BALLAD OF THE OUTER LIFE
Hugo Von Hofmannsthal (February 1,
1874 – July 15, 1929) was an Austrian prodigy, a novelist,
librettist, poet, dramatist, narrator, and essayist. He wrote the
libretto for a number of Richard Strauss' operas. His poetry was
remarkable and written at a relatively early age. As Stefan Zweig
wrote of him: "The appearance of the
young Hofmannsthal is and remains notable as one of the greatest
miracles of accomplishment early in life; in world literature, except
for Keats and Rimbaud, I know no other youthful example of a similar
impeccability in the mastering of language, no such breadth of
spiritual buoyancy, nothing more permeated with poetic substance even
in the most casual lines, than in this magnificent genius, who
already in his sixteenth and seventeenth year had inscribed himself
in the eternal annals of the German language with unextinguishable
verses and prose which today has still not been surpassed.
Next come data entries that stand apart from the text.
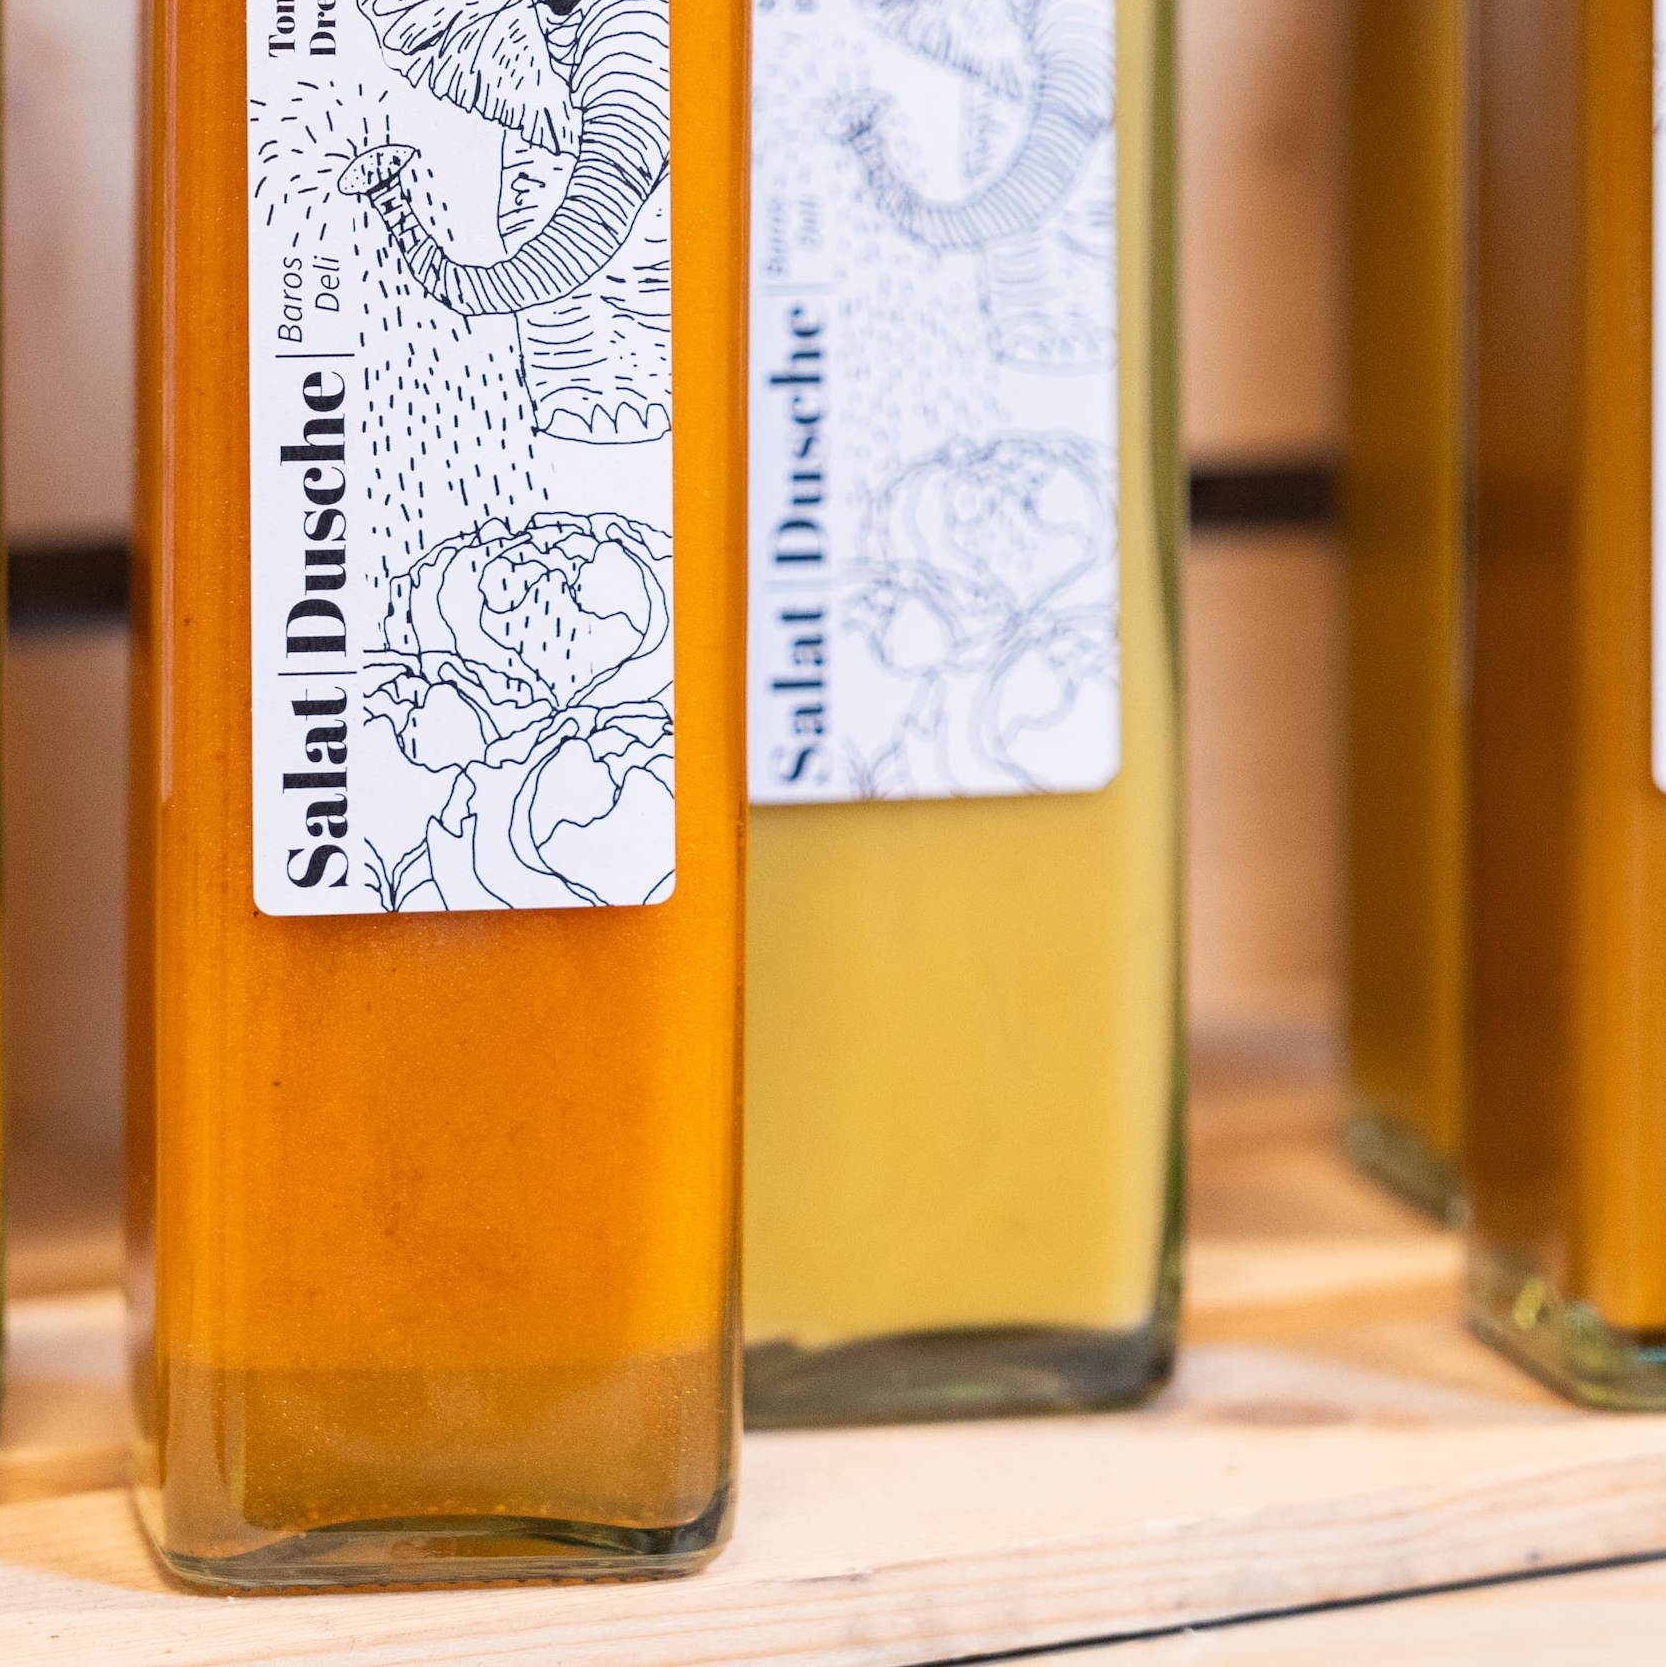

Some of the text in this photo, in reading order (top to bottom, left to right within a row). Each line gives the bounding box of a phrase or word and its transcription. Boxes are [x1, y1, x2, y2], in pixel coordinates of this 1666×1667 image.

[278, 257, 302, 343] Baros
[313, 255, 340, 312] Deli
[768, 307, 825, 565] Dusche
[280, 372, 349, 888] Salat Dusche
[770, 608, 826, 783] Salat
His sudden
beginning and simultaneous completion was a phenomenon that hardly
occurs more than once in a generation."
— Stefan Zweig,
Die Welt von Gestern, Frankfurt am Main 1986, 63-64
This English version was originally published in the
magazine Meanjin.
BALLAD OF THE OUTER LIFE
after the German of Hugo Von Hofmannsthal
And children develop, grow up with deep eyes
That know of nothing, they grow up and die,
And all mankind goes on upon its way.
And bitter fruits grow sweetened, hanging high,
And, like dead birds, fall down at night; and then
They lie a few days and they putrefy.
And ever blows the wind: and we take in
And speak again and again our words and phrases
And feel delight and weariness of limb.
And streets and roads run through the grass, and places
Are here and there; and filled with trees, lakes,
lights,
And menace us, and have deathly withered spaces...
What use to us is all of this, these games,
As we're still great and ever lonely ones,
Who wander never seeking any aims?
What use, likewise, to have seen much and roamed?
And yet he still says much who utters: "evening,"
A word, from which deep sense and sadness run
Like heavy honey from the hollow combs.